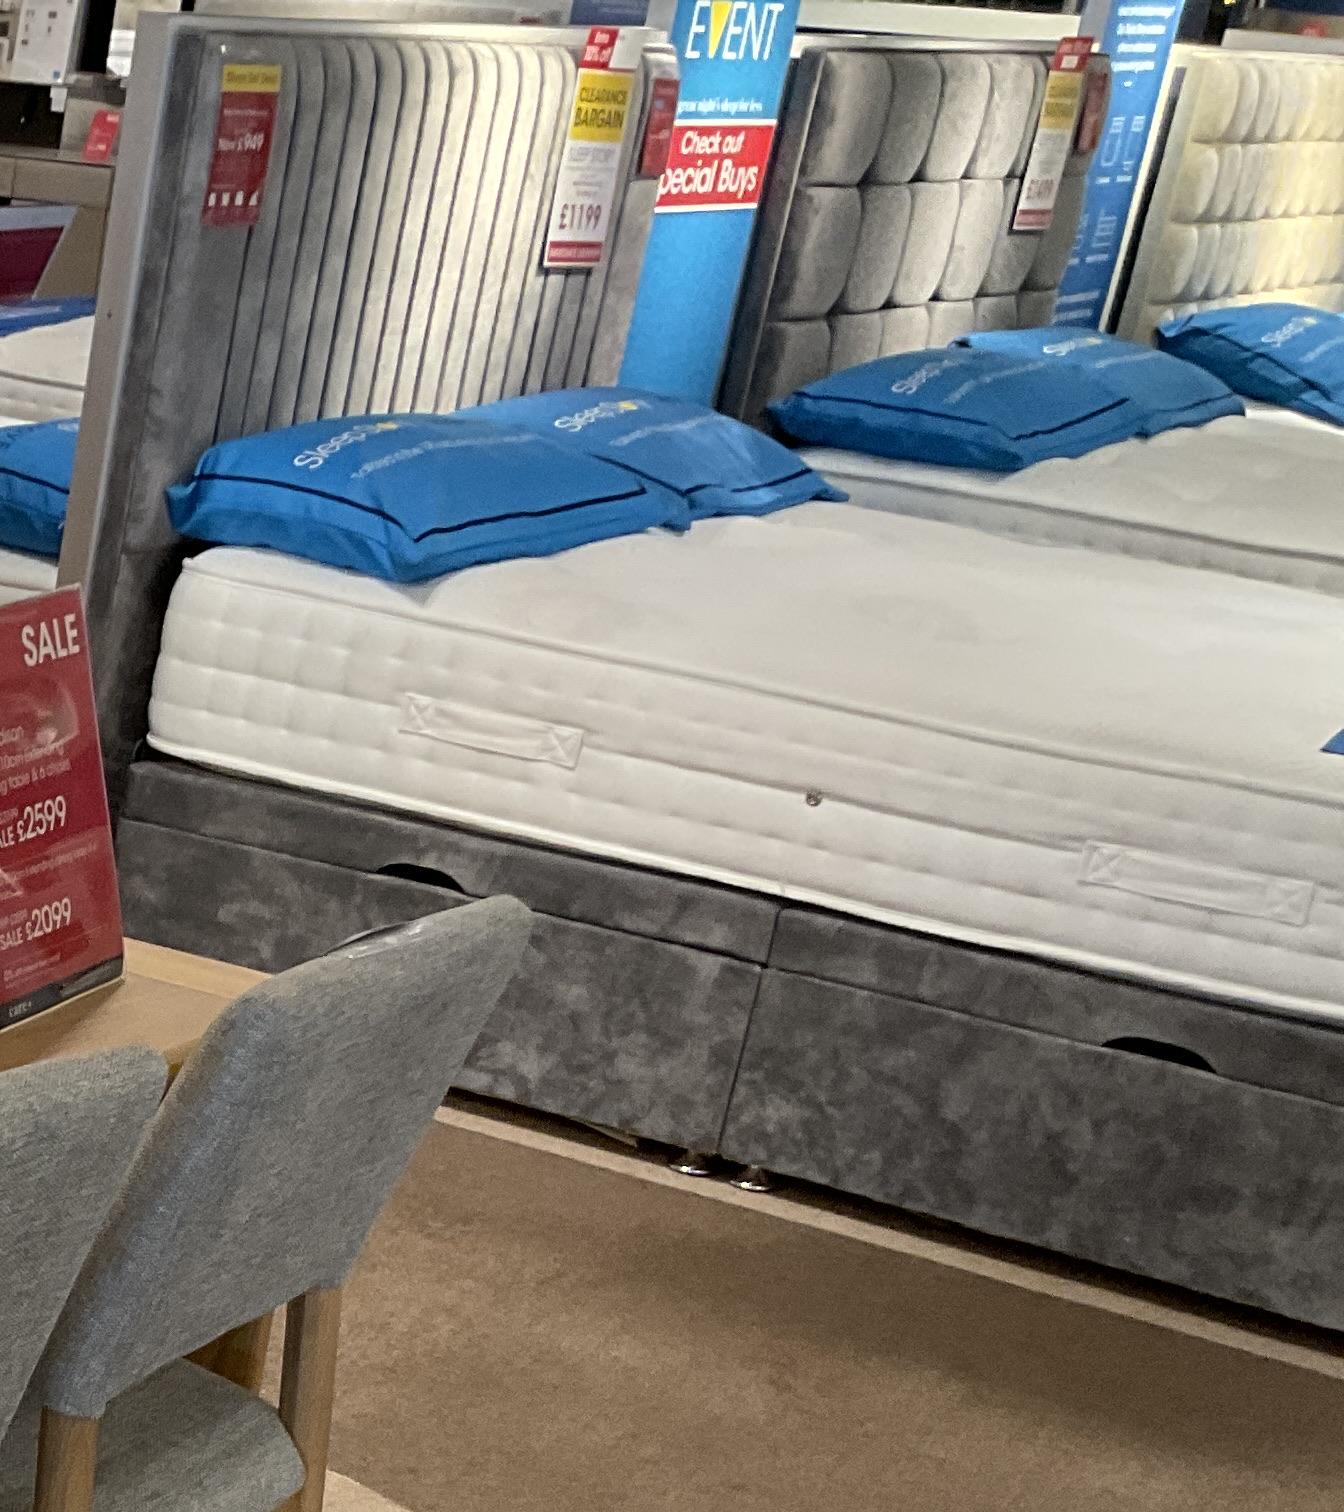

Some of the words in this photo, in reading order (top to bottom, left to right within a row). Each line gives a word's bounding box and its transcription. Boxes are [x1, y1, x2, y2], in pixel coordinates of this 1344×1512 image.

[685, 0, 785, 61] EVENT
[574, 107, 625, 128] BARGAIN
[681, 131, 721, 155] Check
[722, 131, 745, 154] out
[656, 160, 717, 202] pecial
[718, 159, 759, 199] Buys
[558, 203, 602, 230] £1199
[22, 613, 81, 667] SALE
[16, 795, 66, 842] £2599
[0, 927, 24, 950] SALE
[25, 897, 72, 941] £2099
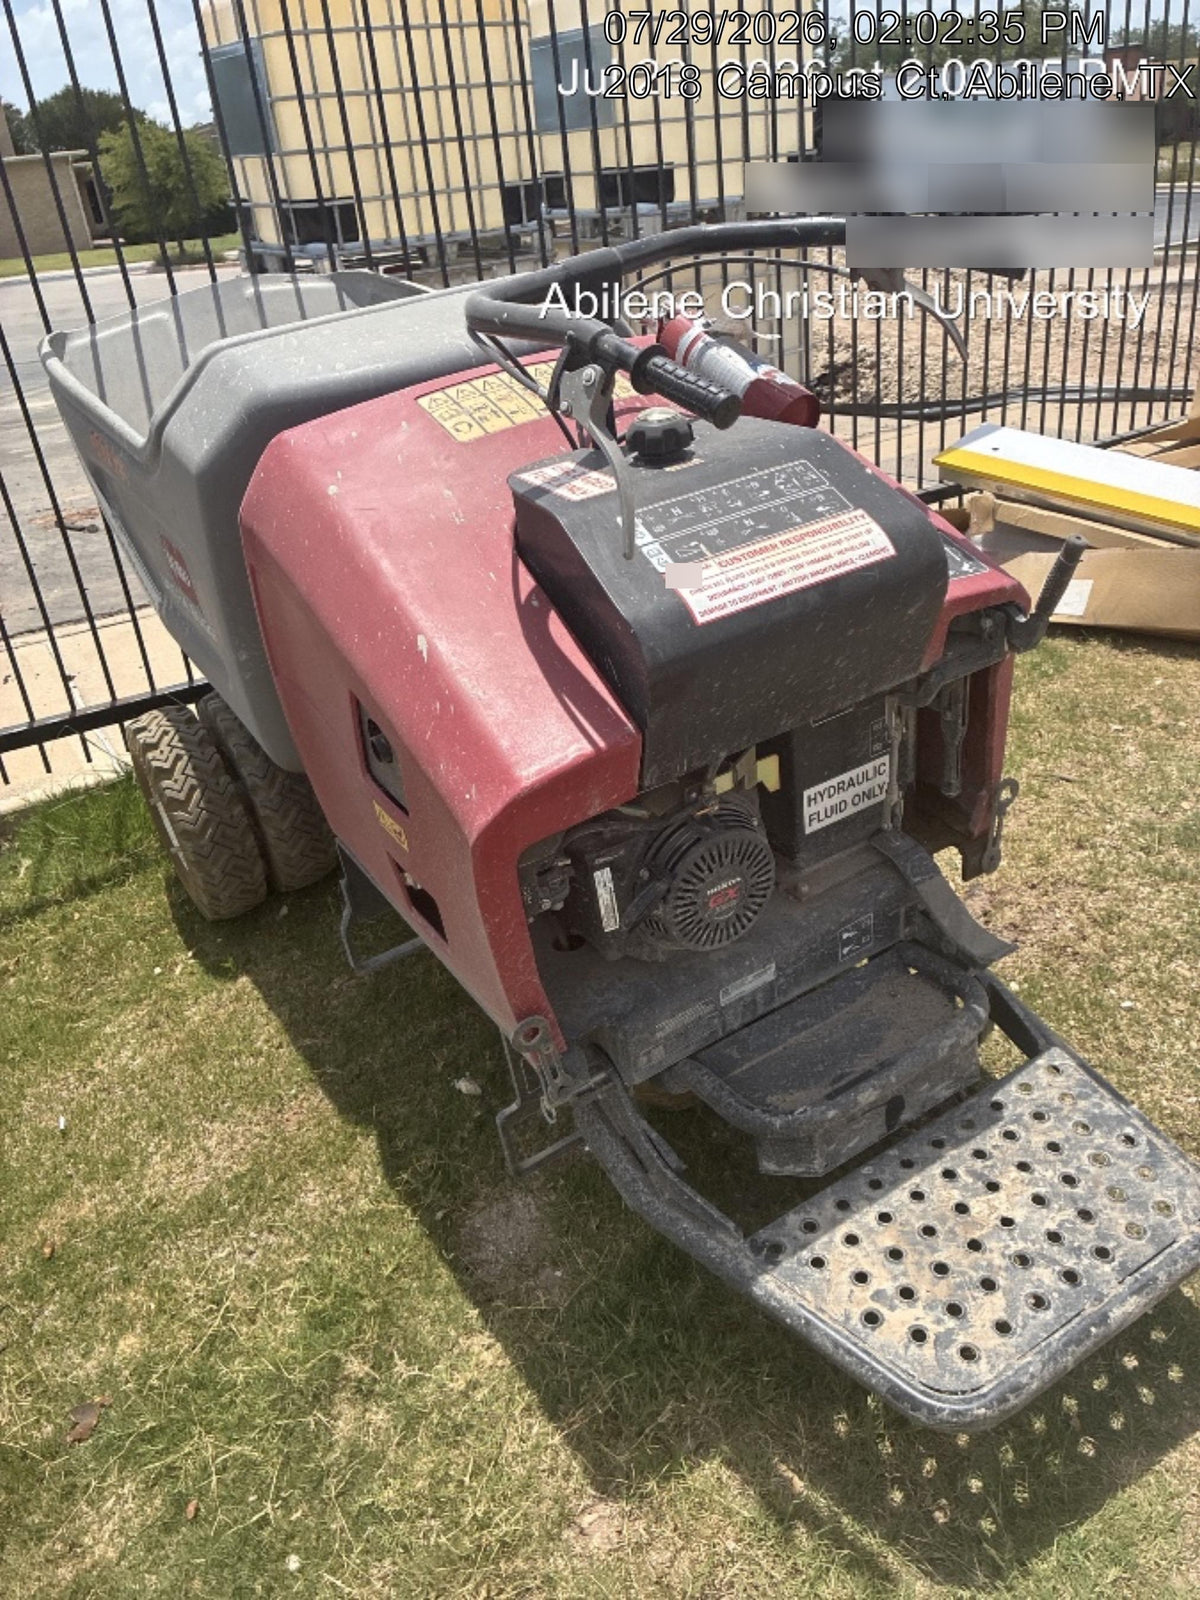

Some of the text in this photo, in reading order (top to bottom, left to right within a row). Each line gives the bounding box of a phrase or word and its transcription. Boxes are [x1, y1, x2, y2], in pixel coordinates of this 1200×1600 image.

━━━━━━━━━━━━━━━━━━━━

YOUR ASSIGNMENT -
Leave the pictures out and copy the rest of the data exactly.

THE COMPLETED TASK -
Some of the words in this photo, in reading order (top to bottom, left to right within a row). Each line gives a word's bounding box and its transcription. Boxes are [x1, y1, x2, y2], in pixel coordinates of this 1344×1512 image.

[685, 0, 785, 61] EVENT
[574, 107, 625, 128] BARGAIN
[681, 131, 721, 155] Check
[722, 131, 745, 154] out
[656, 160, 717, 202] pecial
[718, 159, 759, 199] Buys
[558, 203, 602, 230] £1199
[22, 613, 81, 667] SALE
[16, 795, 66, 842] £2599
[0, 927, 24, 950] SALE
[25, 897, 72, 941] £2099

Some of the text in this photo, in reading order (top to bottom, left to right within a row). Each line gives the bounding box of a phrase or word and its transcription. Boxes are [x1, y1, x2, y2], in pixel coordinates of this 1200×1600 image.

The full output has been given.